The monarch butterfly is a type of milkweed butterfly.
Every year in October, the monarch butterflies arrive in Pacific Grove. Locals have come to treasure this time of year and the annual visitors, so much so, the Monarch Butterfly. Pacific Grove citizens have also advocated for changes to protect the monarch butterfly, which has resulted in the Monarch Grove Sanctuary (currently closed) and strict enforcement by local police against butterfly molestation.
If you’re looking to join locals in celebrating these magnificent annual visitors, there are a few things you’ll need to know.

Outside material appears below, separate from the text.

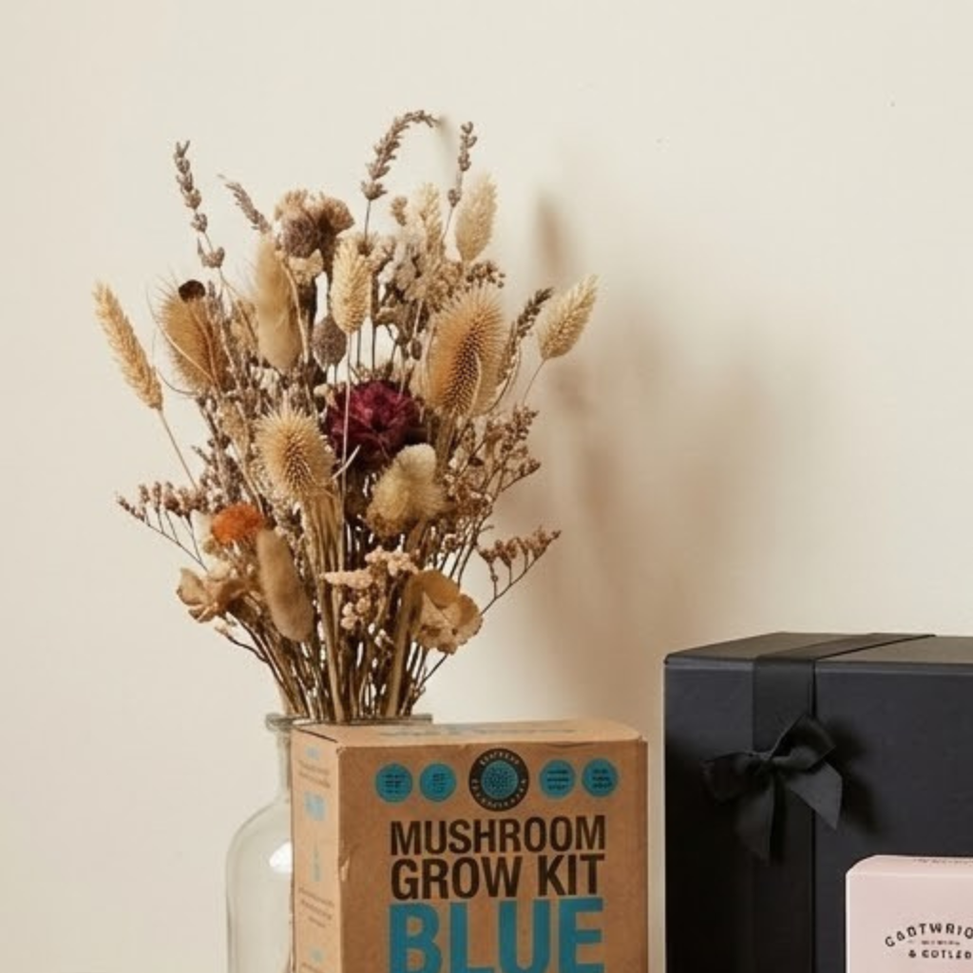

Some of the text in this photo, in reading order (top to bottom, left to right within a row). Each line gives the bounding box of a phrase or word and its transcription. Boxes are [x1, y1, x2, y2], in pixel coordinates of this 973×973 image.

[390, 815, 606, 855] MUSHROOM
[391, 854, 605, 901] GROW KIT

When to See the Monarch Butterflies
Monarch butterflies spend their winter in the warm climate of the central coast of California. Starting in October and peaking in late November or early December, visitors to the region will be sure to enjoy sightings of these bright orange butterflies. The monarchs typically depart for their summer residences starting in late February or early March.
The Best Time of Day to See Monarchs
The Monarch Grove Sanctuary is located in Pacific Grove, California.
From October to February, visitors to Pacific Grove are sure to see the monarch butterflies as they overwinter in the warmer climate.
The best time of day to see the monarchs is after the sun has come up and the air has warmed. The monarchs can’t fly when the temperature is below 55 degrees and they’ll spend their time high up in trees, where they’re difficult to spot.
The sanctuary is unfortunately temporarily closed due to COVID-19 restrictions. Typically, from November to February, from 12 pm to 3 pm every day, you’ll find docents at the Pacific Grove Monarch Sanctuary. Taking a tour from a trained docent can significantly enhance your likelihood of seeing monarchs. This is definitely an experience you will want to make note of as restrictions are lifted.
The butterfly habitats are cherished by the locals. Volunteers spend time restoring the habitats by planting, weeding, and watering. New trees and flowering nectar plants are also added to help replenish.
Where to See the Monarch Butterflies
The monarch can travel up to 100 miles a day.
The best place to see monarch butterflies is in Pacific Grove. While you’re likely to see butterflies while walking around the city, the best place to stop and see clusters of butterflies is the Pacific Grove Monarch Sanctuary.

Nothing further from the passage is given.